• **MATERIAL PROVIDED**:
┄┄┄┄┄┄
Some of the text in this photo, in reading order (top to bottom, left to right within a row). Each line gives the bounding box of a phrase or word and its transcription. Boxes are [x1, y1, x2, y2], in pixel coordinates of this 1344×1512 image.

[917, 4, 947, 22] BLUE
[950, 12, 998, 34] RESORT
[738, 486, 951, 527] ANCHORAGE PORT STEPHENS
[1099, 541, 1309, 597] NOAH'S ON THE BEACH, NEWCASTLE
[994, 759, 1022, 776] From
┄┄┄┄┄┄
• **PROBLEM**:
Nothing should be left out: repeat all of the data exactly.

• **TASK OUTPUT**:
Some of the text in this photo, in reading order (top to bottom, left to right within a row). Each line gives the bounding box of a phrase or word and its transcription. Boxes are [x1, y1, x2, y2], in pixel coordinates of this 1344×1512 image.

[917, 4, 947, 22] BLUE
[950, 12, 998, 34] RESORT
[738, 486, 951, 527] ANCHORAGE PORT STEPHENS
[1099, 541, 1309, 597] NOAH'S ON THE BEACH, NEWCASTLE
[994, 759, 1022, 776] From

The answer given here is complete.